製粉カテゴリの売上高は106,367百万円(前期比2.9%減)で、売上総利益は同1億円増加した。海外向け小麦粉と外食市場向けパスタの販売が好調であった。海外向け小麦粉については、インバウンド消費から継続する需要への対応である。訪日時に体験した日本式ベーカリーを帰国後も楽しみたいニーズがあり、日本式パンの人気が高まっている。そもそも日本人は異文化と日本文化と融合させ独自の新しいものを作り出すことが得意で、ジャパナイゼーションされたパンの人気はうなずける。日本製の小麦粉で作れば再現性が高いため、品質が安定している同社の海外向け小麦粉販売が増えたと言える。高需要に的確にリーチすることで販売量に加え利益面での寄与も大きい。2025年6月にはパン職人の祭典「ベーカリー・エキスポ・ジャパン」にオフィシャルパートナーとして参加した。メインコンテンツである世界最高レベルの国際ブーランジェコンクールでは、独自の配合と粉砕方法で風味や旨味を引き出した同社の「ble du A(ブレドA)」が使用された。パンの本場フランスからも参戦しており、同社商品の高評価が世界に拡がる絶好のチャンスである。外食市場向けパスタについては、人手不足等社会情勢の影響もあり、コストバリューの高さだけでなく、オペレーション等の課題にも対応できる課題解決型商品が顧客に受け入れられ、販売実績が増えてきた。2024年3月期に外食向けに展開したパスタソリューションでは、顧客ニーズに即して原料と工程を深掘りし、短時間の調理で本物の「美味しさ」を再現する商品を開発した。顧客に寄り沿うソリューションが結実し、2025年3月期に業績寄与が加速したと考えられる。一方、プレミックスの販売量が足元6期で減少している。要因の1つが小売りの総菜売り場向けに推進していたプレミックス天ぷら粉販売の落ち込みで、背景にはコロナ禍を境とした売り場構成の変化がある。対策として、同社中国のグループ会社で冷凍フライ品向け天ぷら粉やミックス粉を製造し、海外で国内向け冷凍総菜を手掛ける企業へ供給している。なお、調理冷凍食品輸入量のうち、2024年の家庭用フライ類については前年比20%以上増加しており、輸入国はタイ、中国、ベトナムが上位を占めることからも収益拡大の機会は大きい。

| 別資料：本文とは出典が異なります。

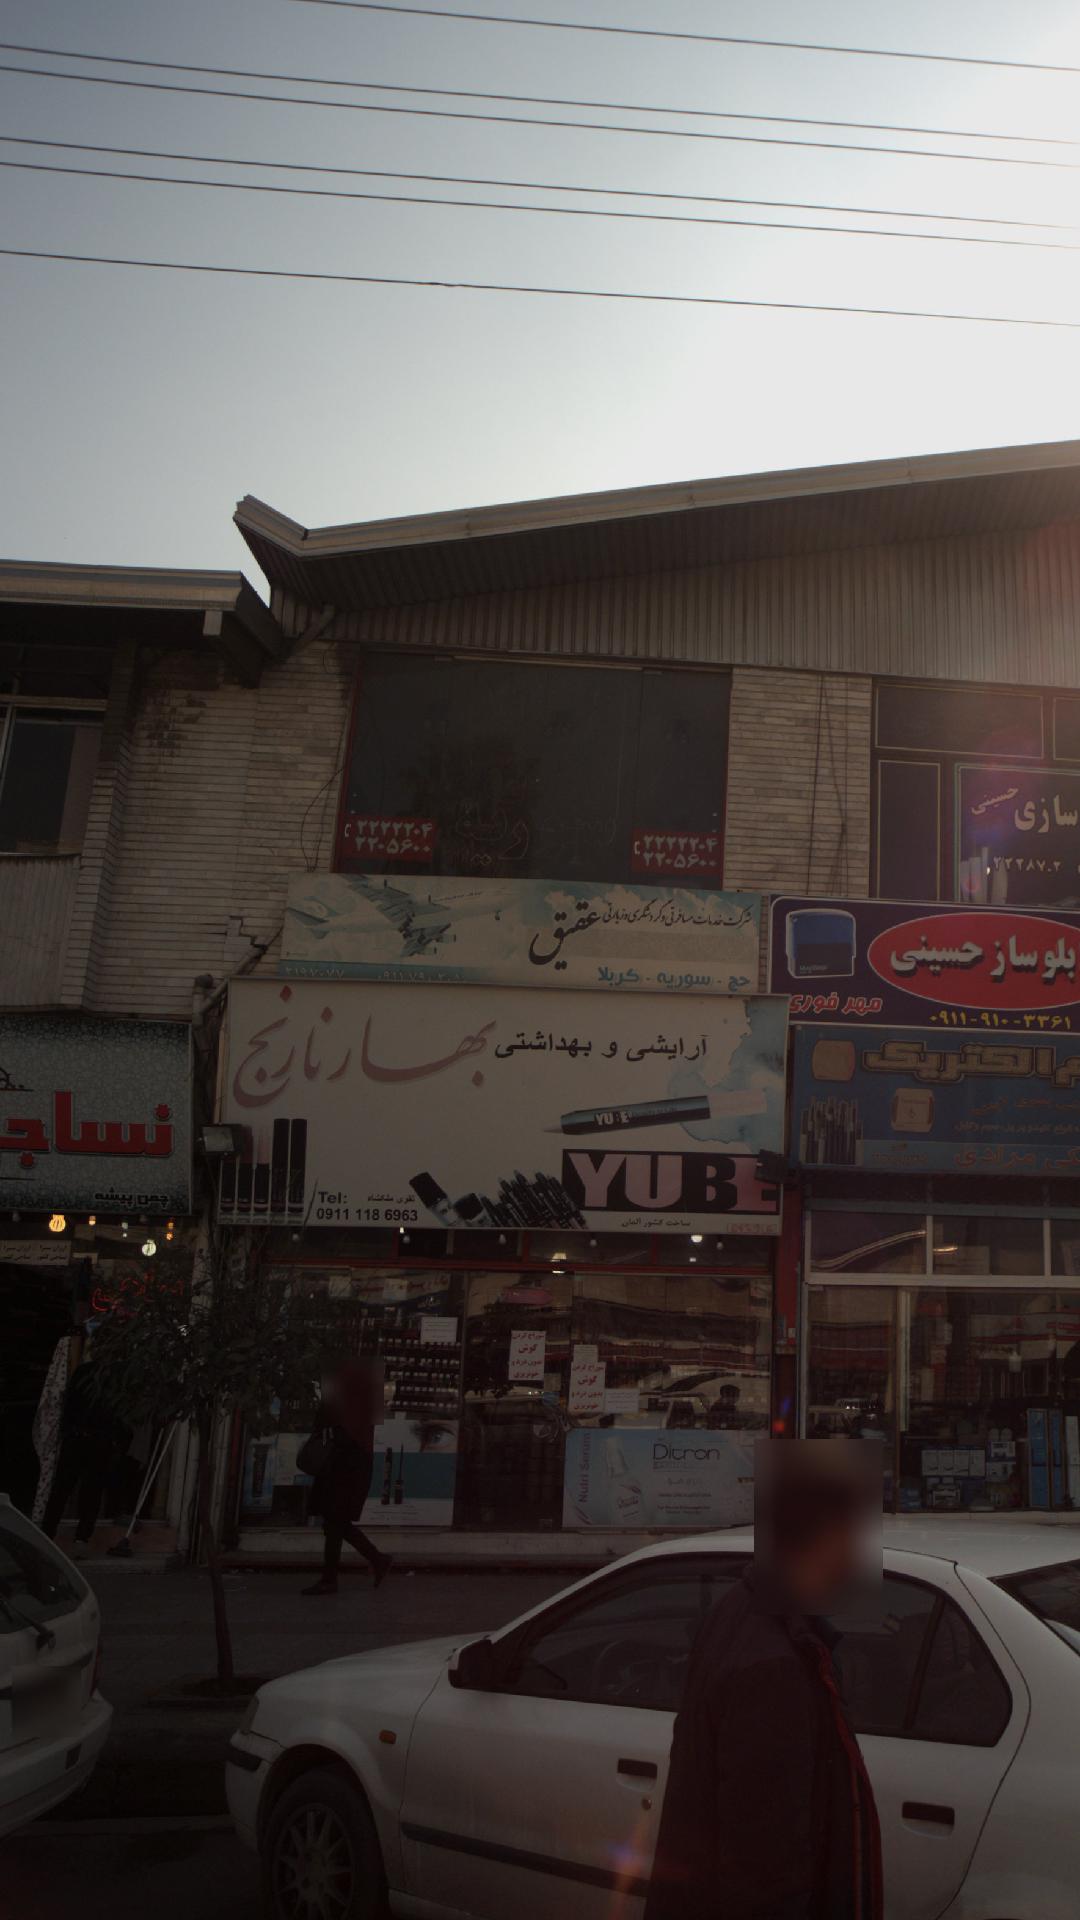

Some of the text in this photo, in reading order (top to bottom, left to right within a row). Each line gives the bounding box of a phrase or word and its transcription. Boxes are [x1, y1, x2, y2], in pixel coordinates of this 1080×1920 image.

製油カテゴリの売上高は93,876百万円(前期比4.1%減)で、売上総利益は同10億円減少した。適正価格の設定に難航する製油販売では、原料価格に左右されない価格設定で利益率の高い高機能で高付加価値な商品開発を推進している。大豆たん白を活用した付加価値商品に力を入れており、50年以上の商品開発で得た技術力で大豆の可能性を最大限に引き出し、「代替」ではない多様な用途で利用できる植物性食材として2024年秋に「SOIA SOIYA(ソイアソイヤ)」を販売開始した。様々な調理方法で活用でき、現時点でヴィーガン専門店や日本料理店等で活用されている。第2弾として2025年2月には「SOIA SOIYA HMSP チャーシュー風 醤油味」をリリースした。初の加工食品で見た目も食感も遜色なく楽しめることから、インバウンドで人気の高いラーメンに活用することで日本の文化を楽しんでもらえるだろう。グローバルで見れば健康志向や食文化の背景から市場拡大予想も聞かれるが、元来菜食習慣があり大豆製品を好む日本では、味だけでなく用途をカテゴライズしてターゲティングする等工夫が必要とも捉えられる。販売促進さらには市場創造に向けて同年5月には、産学連携により東京家政大学 東京家政大学短期大学部の【食べて考える!未来の食プロジェクト】に、食の様々な課題を解決する可能性のある食材使用を特徴とした学食メニューとして、同社の「SOIA SOIYA」を提供する。第1弾として前述のプラントベースチャーシューの提供が決まっている。食の安全や健康に敏感な若い世代の需要をつかむことで次世代につながり、将来のプラントベース食品の拡がりに期待したい。同社はプラントベース市場の再燃を見据え、味や食感等技術のブラッシュアップを継続し、競合に備えている。なお、2020年10月に販売開始した大豆ミート「まめたん」を2024年11月に機能性表示食品としてリニューアルした。植物性という付加価値に健康効果が追加されたことで、今後の需要拡大が期待される。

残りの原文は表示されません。